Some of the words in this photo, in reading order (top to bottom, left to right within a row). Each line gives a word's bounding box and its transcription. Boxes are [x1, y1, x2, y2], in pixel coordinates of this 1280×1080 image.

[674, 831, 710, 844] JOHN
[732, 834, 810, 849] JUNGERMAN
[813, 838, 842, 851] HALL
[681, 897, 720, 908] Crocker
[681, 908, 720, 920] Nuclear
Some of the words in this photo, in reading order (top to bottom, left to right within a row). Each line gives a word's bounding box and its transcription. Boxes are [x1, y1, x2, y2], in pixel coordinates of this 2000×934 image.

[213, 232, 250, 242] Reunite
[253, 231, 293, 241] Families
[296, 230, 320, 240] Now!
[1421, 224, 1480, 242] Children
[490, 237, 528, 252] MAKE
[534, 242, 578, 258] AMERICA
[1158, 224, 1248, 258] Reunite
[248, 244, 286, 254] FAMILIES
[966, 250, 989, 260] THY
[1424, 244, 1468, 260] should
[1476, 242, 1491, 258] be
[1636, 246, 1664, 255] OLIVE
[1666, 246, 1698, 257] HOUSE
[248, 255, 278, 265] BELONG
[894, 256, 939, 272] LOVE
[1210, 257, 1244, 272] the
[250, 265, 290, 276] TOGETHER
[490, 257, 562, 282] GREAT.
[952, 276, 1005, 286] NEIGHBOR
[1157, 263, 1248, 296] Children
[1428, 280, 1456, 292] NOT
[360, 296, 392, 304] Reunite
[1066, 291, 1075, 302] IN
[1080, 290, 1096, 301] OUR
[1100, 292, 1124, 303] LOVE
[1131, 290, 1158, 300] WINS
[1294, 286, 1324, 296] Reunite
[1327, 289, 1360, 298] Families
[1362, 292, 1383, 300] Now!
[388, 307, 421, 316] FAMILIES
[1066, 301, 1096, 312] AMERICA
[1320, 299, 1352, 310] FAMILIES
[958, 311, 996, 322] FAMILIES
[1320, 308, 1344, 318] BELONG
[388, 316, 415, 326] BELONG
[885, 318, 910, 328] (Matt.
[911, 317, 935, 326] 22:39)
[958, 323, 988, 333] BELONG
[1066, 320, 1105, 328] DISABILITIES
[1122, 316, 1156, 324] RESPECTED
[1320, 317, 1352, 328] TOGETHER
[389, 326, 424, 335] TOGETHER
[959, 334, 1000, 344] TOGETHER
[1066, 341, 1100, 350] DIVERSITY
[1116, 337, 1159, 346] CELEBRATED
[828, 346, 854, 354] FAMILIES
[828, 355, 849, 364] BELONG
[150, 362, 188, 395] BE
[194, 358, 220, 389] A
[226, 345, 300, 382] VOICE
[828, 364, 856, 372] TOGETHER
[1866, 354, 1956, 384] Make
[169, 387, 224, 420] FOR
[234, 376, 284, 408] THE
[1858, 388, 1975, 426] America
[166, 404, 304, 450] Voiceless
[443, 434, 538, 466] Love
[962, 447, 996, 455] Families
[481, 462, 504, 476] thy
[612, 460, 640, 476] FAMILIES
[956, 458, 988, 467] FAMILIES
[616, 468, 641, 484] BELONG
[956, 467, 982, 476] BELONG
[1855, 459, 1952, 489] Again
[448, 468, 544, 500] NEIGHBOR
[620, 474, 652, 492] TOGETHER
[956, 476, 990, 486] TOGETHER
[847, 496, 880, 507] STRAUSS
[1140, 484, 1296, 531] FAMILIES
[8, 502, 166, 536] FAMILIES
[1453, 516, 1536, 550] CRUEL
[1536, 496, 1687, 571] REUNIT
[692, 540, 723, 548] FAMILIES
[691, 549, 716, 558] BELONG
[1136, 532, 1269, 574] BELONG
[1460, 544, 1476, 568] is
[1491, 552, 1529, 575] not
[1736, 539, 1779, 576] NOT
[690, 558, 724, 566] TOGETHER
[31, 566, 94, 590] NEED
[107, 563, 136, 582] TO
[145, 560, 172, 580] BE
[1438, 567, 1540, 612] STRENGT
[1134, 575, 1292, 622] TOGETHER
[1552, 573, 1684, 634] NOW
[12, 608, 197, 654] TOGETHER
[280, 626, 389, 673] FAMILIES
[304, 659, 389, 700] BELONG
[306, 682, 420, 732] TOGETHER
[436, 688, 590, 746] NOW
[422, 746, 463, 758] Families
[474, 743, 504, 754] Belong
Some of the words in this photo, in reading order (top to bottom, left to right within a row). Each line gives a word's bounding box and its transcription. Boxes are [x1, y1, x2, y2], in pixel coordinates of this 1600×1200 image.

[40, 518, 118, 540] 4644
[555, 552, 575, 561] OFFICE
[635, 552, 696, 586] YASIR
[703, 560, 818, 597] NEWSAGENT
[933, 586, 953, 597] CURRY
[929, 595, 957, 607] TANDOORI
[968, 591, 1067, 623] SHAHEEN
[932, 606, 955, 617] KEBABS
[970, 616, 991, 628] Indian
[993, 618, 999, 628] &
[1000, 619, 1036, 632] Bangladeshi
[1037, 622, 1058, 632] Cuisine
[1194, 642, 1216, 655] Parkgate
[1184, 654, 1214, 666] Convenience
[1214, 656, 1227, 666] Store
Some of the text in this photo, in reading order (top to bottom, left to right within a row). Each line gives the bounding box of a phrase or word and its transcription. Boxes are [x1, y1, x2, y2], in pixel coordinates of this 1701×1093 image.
○ ○ ○ ○ ○ ○ ○
Each of the lines above should be printed again precisely as it reads.

#### Answer to this problem
Some of the words in this photo, in reading order (top to bottom, left to right within a row). Each line gives a word's bounding box and its transcription. Boxes are [x1, y1, x2, y2], in pixel coordinates of this 1280×1080 image.

[674, 831, 710, 844] JOHN
[732, 834, 810, 849] JUNGERMAN
[813, 838, 842, 851] HALL
[681, 897, 720, 908] Crocker
[681, 908, 720, 920] Nuclear
Some of the words in this photo, in reading order (top to bottom, left to right within a row). Each line gives a word's bounding box and its transcription. Boxes are [x1, y1, x2, y2], in pixel coordinates of this 2000×934 image.

[213, 232, 250, 242] Reunite
[253, 231, 293, 241] Families
[296, 230, 320, 240] Now!
[1421, 224, 1480, 242] Children
[490, 237, 528, 252] MAKE
[534, 242, 578, 258] AMERICA
[1158, 224, 1248, 258] Reunite
[248, 244, 286, 254] FAMILIES
[966, 250, 989, 260] THY
[1424, 244, 1468, 260] should
[1476, 242, 1491, 258] be
[1636, 246, 1664, 255] OLIVE
[1666, 246, 1698, 257] HOUSE
[248, 255, 278, 265] BELONG
[894, 256, 939, 272] LOVE
[1210, 257, 1244, 272] the
[250, 265, 290, 276] TOGETHER
[490, 257, 562, 282] GREAT.
[952, 276, 1005, 286] NEIGHBOR
[1157, 263, 1248, 296] Children
[1428, 280, 1456, 292] NOT
[360, 296, 392, 304] Reunite
[1066, 291, 1075, 302] IN
[1080, 290, 1096, 301] OUR
[1100, 292, 1124, 303] LOVE
[1131, 290, 1158, 300] WINS
[1294, 286, 1324, 296] Reunite
[1327, 289, 1360, 298] Families
[1362, 292, 1383, 300] Now!
[388, 307, 421, 316] FAMILIES
[1066, 301, 1096, 312] AMERICA
[1320, 299, 1352, 310] FAMILIES
[958, 311, 996, 322] FAMILIES
[1320, 308, 1344, 318] BELONG
[388, 316, 415, 326] BELONG
[885, 318, 910, 328] (Matt.
[911, 317, 935, 326] 22:39)
[958, 323, 988, 333] BELONG
[1066, 320, 1105, 328] DISABILITIES
[1122, 316, 1156, 324] RESPECTED
[1320, 317, 1352, 328] TOGETHER
[389, 326, 424, 335] TOGETHER
[959, 334, 1000, 344] TOGETHER
[1066, 341, 1100, 350] DIVERSITY
[1116, 337, 1159, 346] CELEBRATED
[828, 346, 854, 354] FAMILIES
[828, 355, 849, 364] BELONG
[150, 362, 188, 395] BE
[194, 358, 220, 389] A
[226, 345, 300, 382] VOICE
[828, 364, 856, 372] TOGETHER
[1866, 354, 1956, 384] Make
[169, 387, 224, 420] FOR
[234, 376, 284, 408] THE
[1858, 388, 1975, 426] America
[166, 404, 304, 450] Voiceless
[443, 434, 538, 466] Love
[962, 447, 996, 455] Families
[481, 462, 504, 476] thy
[612, 460, 640, 476] FAMILIES
[956, 458, 988, 467] FAMILIES
[616, 468, 641, 484] BELONG
[956, 467, 982, 476] BELONG
[1855, 459, 1952, 489] Again
[448, 468, 544, 500] NEIGHBOR
[620, 474, 652, 492] TOGETHER
[956, 476, 990, 486] TOGETHER
[847, 496, 880, 507] STRAUSS
[1140, 484, 1296, 531] FAMILIES
[8, 502, 166, 536] FAMILIES
[1453, 516, 1536, 550] CRUEL
[1536, 496, 1687, 571] REUNIT
[692, 540, 723, 548] FAMILIES
[691, 549, 716, 558] BELONG
[1136, 532, 1269, 574] BELONG
[1460, 544, 1476, 568] is
[1491, 552, 1529, 575] not
[1736, 539, 1779, 576] NOT
[690, 558, 724, 566] TOGETHER
[31, 566, 94, 590] NEED
[107, 563, 136, 582] TO
[145, 560, 172, 580] BE
[1438, 567, 1540, 612] STRENGT
[1134, 575, 1292, 622] TOGETHER
[1552, 573, 1684, 634] NOW
[12, 608, 197, 654] TOGETHER
[280, 626, 389, 673] FAMILIES
[304, 659, 389, 700] BELONG
[306, 682, 420, 732] TOGETHER
[436, 688, 590, 746] NOW
[422, 746, 463, 758] Families
[474, 743, 504, 754] Belong
Some of the words in this photo, in reading order (top to bottom, left to right within a row). Each line gives a word's bounding box and its transcription. Boxes are [x1, y1, x2, y2], in pixel coordinates of this 1600×1200 image.

[40, 518, 118, 540] 4644
[555, 552, 575, 561] OFFICE
[635, 552, 696, 586] YASIR
[703, 560, 818, 597] NEWSAGENT
[933, 586, 953, 597] CURRY
[929, 595, 957, 607] TANDOORI
[968, 591, 1067, 623] SHAHEEN
[932, 606, 955, 617] KEBABS
[970, 616, 991, 628] Indian
[993, 618, 999, 628] &
[1000, 619, 1036, 632] Bangladeshi
[1037, 622, 1058, 632] Cuisine
[1194, 642, 1216, 655] Parkgate
[1184, 654, 1214, 666] Convenience
[1214, 656, 1227, 666] Store
Some of the text in this photo, in reading order (top to bottom, left to right within a row). Each line gives the bounding box of a phrase or word and its transcription. Boxes are [x1, y1, x2, y2], in pixel coordinates of this 1701×1093 image.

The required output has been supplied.